•••quote:•••Originally posted by Chris_P:
•As far as the accessory nerve is concerned, if the lesion is above the point where it enters sternocleidomastoid, that muscle as well as trapezius will be paralysed and the unopposed action of the other scm will cause the head to be turned away from the side of the lesion. This won't happen if the lesion is below sternocleidomastoid (in the posterior triangle - most common area of injury). In this case the patient will be weak on the side of injury when asked to shrug shoulders.
I'll look up about the CNV injuries - more often they are sensory than motor (ie trigeminal neuralgia).

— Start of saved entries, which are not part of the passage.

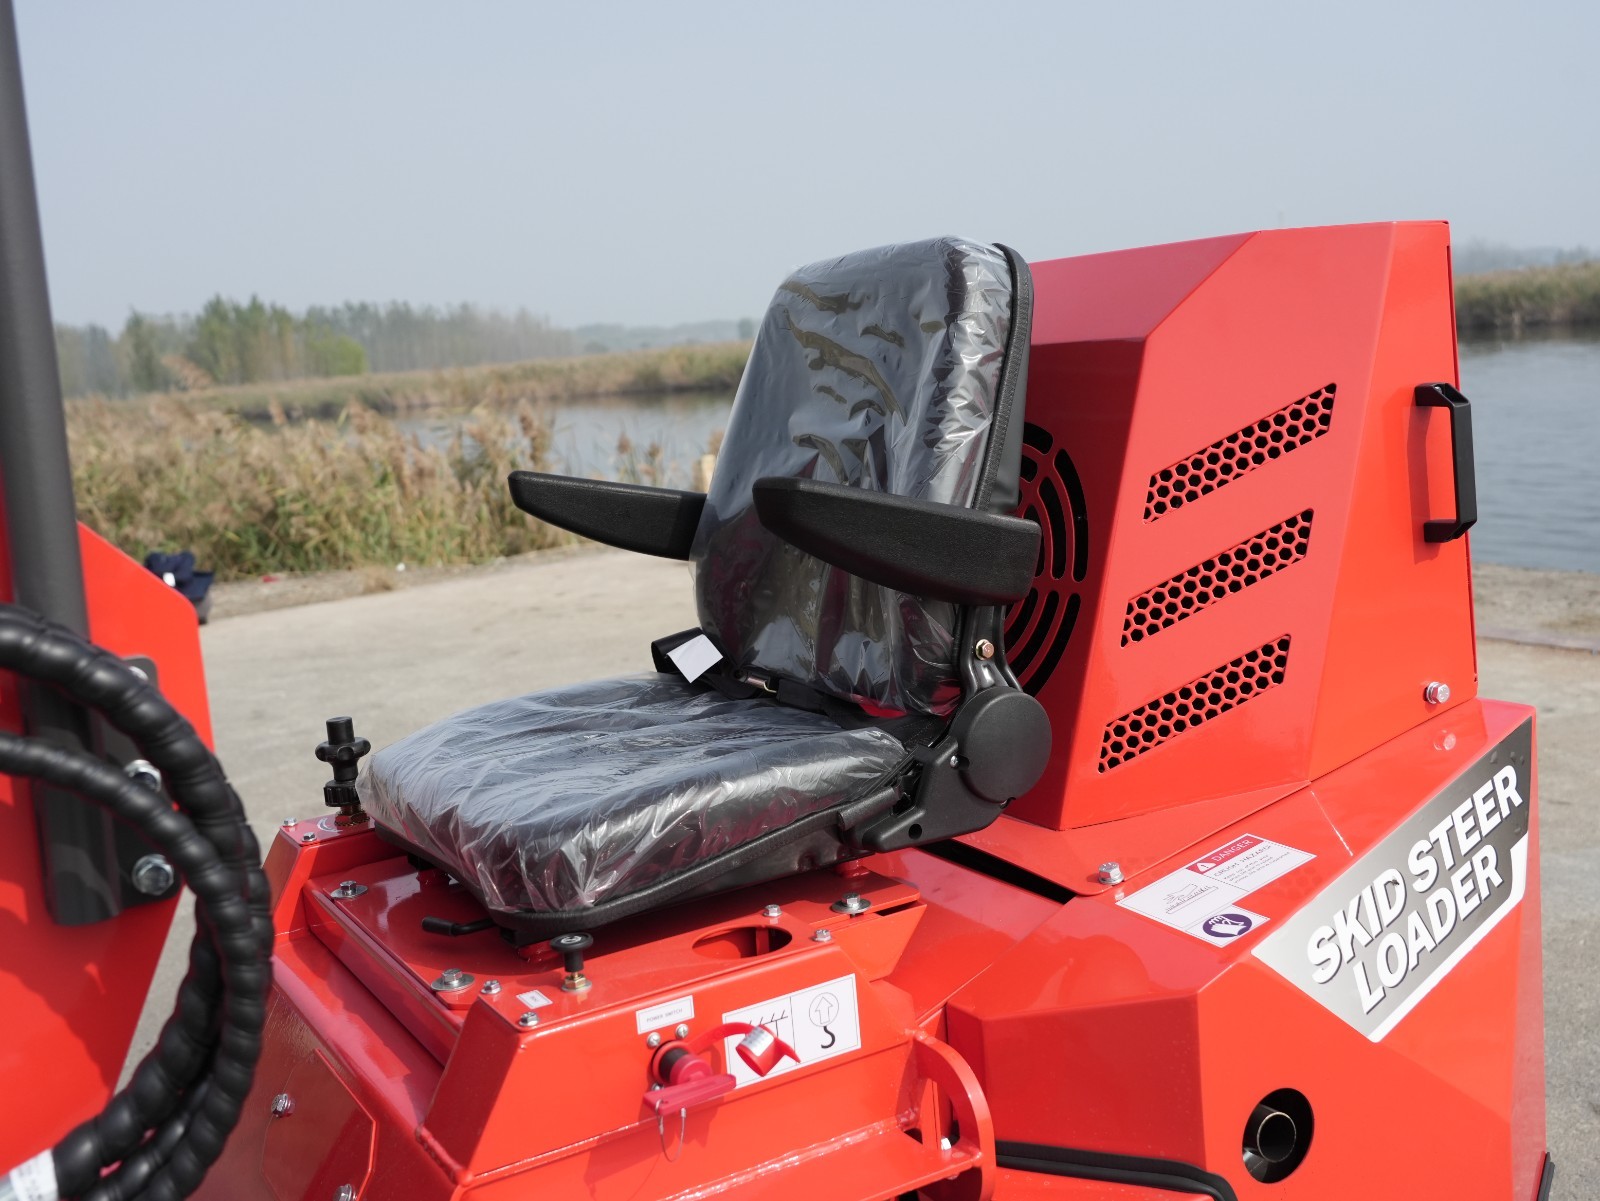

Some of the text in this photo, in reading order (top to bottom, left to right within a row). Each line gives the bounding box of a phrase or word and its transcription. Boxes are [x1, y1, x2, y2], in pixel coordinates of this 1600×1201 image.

[1211, 839, 1254, 862] DANGER
[1307, 765, 1523, 984] SKID STEER
[1353, 844, 1504, 1015] LOADER
[646, 1008, 683, 1022] POWER SWITCH
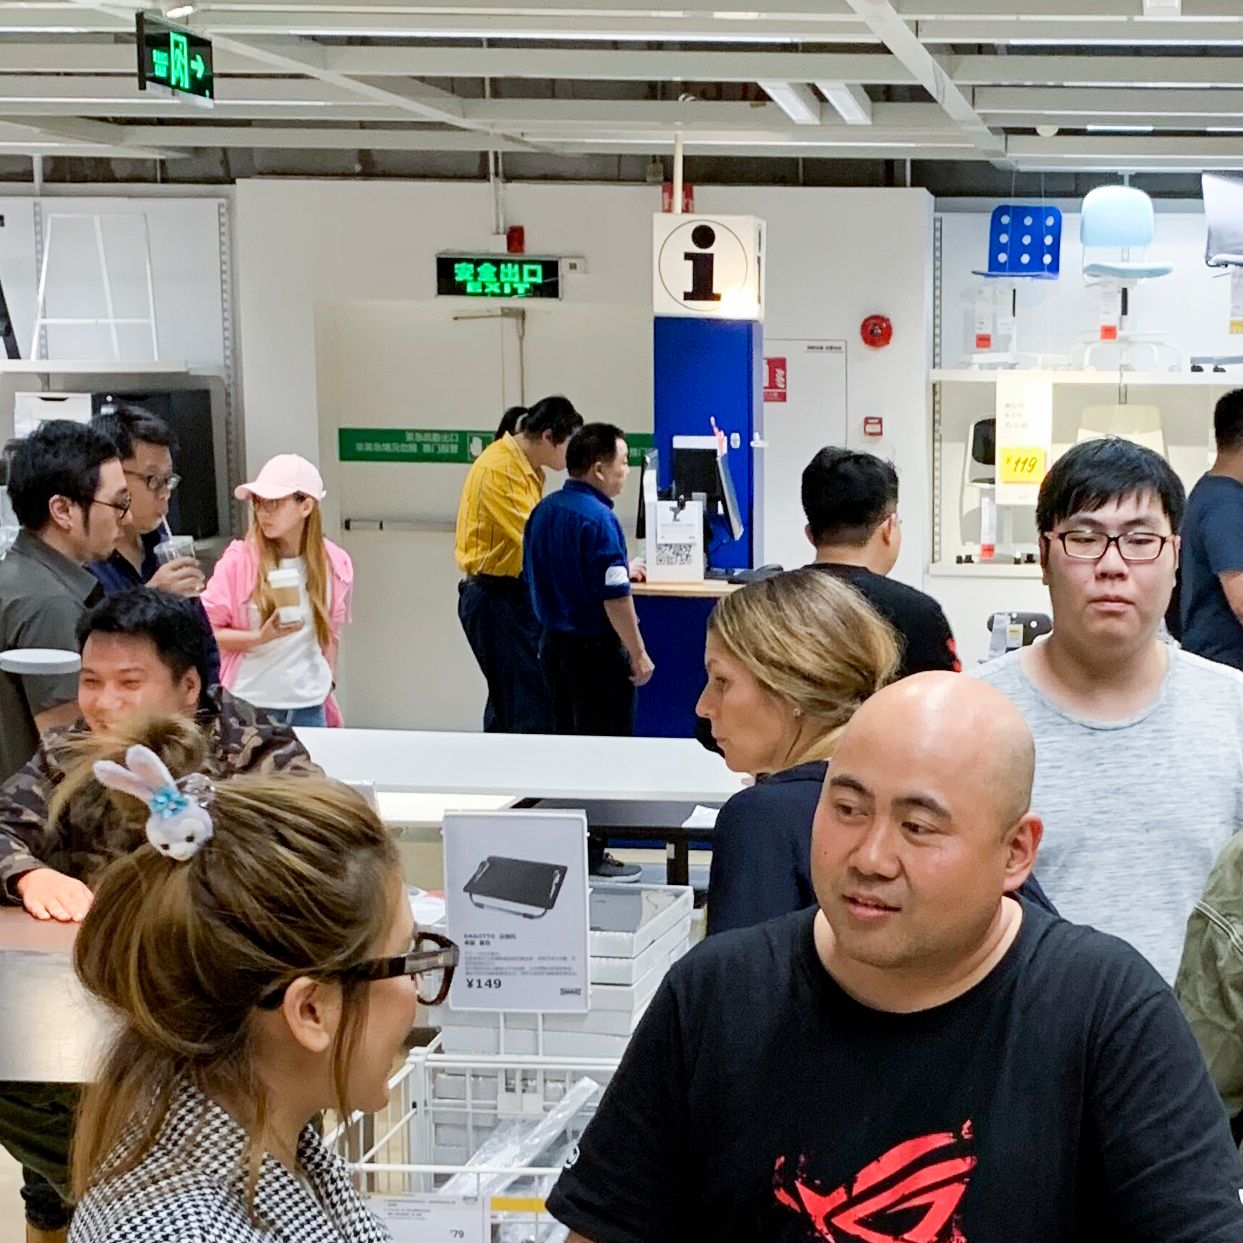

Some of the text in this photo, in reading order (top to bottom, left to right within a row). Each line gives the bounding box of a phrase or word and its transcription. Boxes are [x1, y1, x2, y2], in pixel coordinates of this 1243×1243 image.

Chris•••••Here is what I am having a problem with. First of all, when I say "turn" I mean to rotate the head like you were looking to your left. Also, when I say "tilt" (ie, tilt head to left) I mean to basically put your left ear on your left shoulder. As far as I understand, the action of the SCM contracting unilaterally is to turn the head to the opposite direction (the LEFT SCM turns the head to the RIGHT). Contracting SCM bilaterally cuases flexion of the neck. So, losing your LEFT SCM due to LEFT CNXI lesion would cause the unopposed action of the RIGHT SCM to turn the head to the LEFT (towards the side of the lesion). I have also read in Moore that the SCM also tilts the head when contracted unilaterally. I am assuming that if the deviation is really TOWARDS the side of the lesion that it is because the tilting action of the unopposed SCM is more powerful than the turning action. Is this correct? Are we thoroughly confued yet?
As for the jaw deviation, I understand now. I had forgotten the origin is the sphenoid bone and the insertion (movable end) is the mandible. So, contracting the right pterygoids would cuase the jaw to move to the left. So a lesion of the right would cuase the unopposed action of the left to cause a deviation to the right (same side as lesion). Right?